I Peter 1:1 Peter, an apostle of Jesus Christ, To those who are elect exiles of the Dispersion in Pontus, Galatia, Cappadocia, Asia, and Bithynia, 2 according to the foreknowledge of God the Father, in the sanctification of the Spirit, for obedience to Jesus Christ and for sprinkling with his blood: May grace and peace be multiplied to you. 3 Blessed be the God and Father of our Lord Jesus Christ! According to his great mercy, he has caused us to be born again to a living hope through the resurrection of Jesus Christ from the dead, 4 to an inheritance that is imperishable, undefiled, and unfading, kept in heaven for you, 5 who by God’s power are being guarded through faith for a salvation ready to be revealed in the last time.
Peter is writing to people who once had no place in society let alone with God but now they have access to His mercy, privileges, and grace. “Once the people who had been different from others were the Jews; now the people who are different are the Christians.a” People like us. I have been using the word “exile” in regard to being isolated as a result of coronavirus. I know “exile” is not a perfect comparison but it certainly fits the bill as far as being kept from activities and places that are easily defined as native to us is concerned. In that context we are people experiencing exile as a modern-day wake-up call to another even a more important comparison.

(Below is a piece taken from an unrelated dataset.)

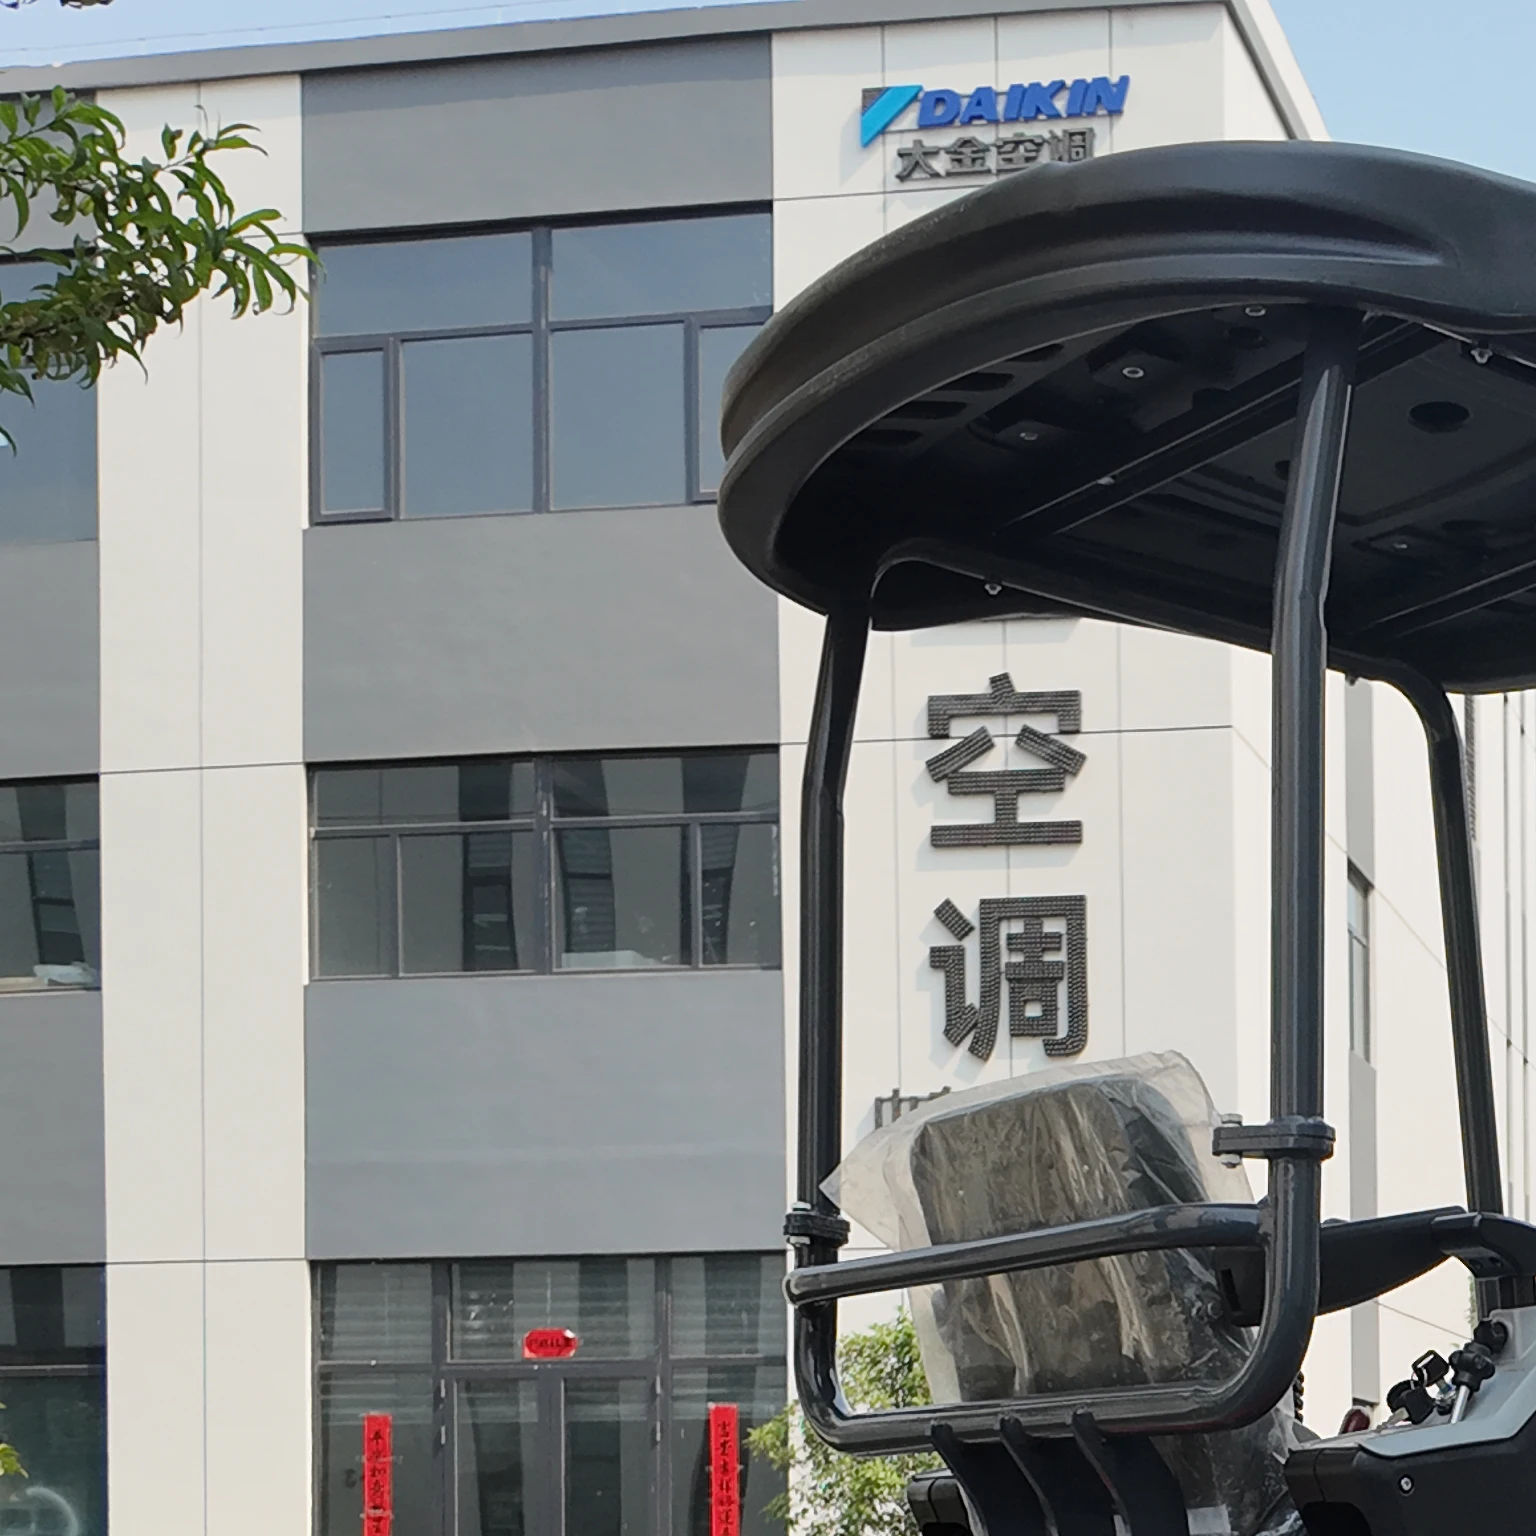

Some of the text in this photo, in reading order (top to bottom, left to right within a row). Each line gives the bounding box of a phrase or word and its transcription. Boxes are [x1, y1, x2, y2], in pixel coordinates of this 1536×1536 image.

[918, 75, 1130, 127] DAIKIN
[895, 127, 1094, 182] 大金空调
[926, 672, 1087, 1061] 空调

God gave those early exiles a bridge to get to His great mercy. Exile completely changed their focus from what was familiar to them and opened their eyes to Someone with the power to “elect” them “through faith for a salvation ready to be revealed in the last time.” Jesus became their “living hope” for that moment in time. It’s an interesting idea to consider that what God did for them…then…He may be doing for us now; changing our focus from exile to an inheritance that is imperishable, undefiled, and unfading.

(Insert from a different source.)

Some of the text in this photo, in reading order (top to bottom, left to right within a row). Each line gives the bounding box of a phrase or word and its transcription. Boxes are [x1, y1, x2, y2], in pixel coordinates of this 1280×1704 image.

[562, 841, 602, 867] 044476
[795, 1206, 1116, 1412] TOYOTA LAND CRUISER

Please consider this idea as you read I Peter with me over the next few weeks: today we are the “elect exiles.” God intends what we read in His record of the past will prepare us for our future and open our eyes to a “living hope” today. Today in the midst of our “exile” and “according to the foreknowledge of God the Father, in the sanctification of the Spirit, we still “are being guarded through faith for a salvation ready to be revealed in the last time.” Jesus is still the bridge between our exile today and our inheritance tomorrow.”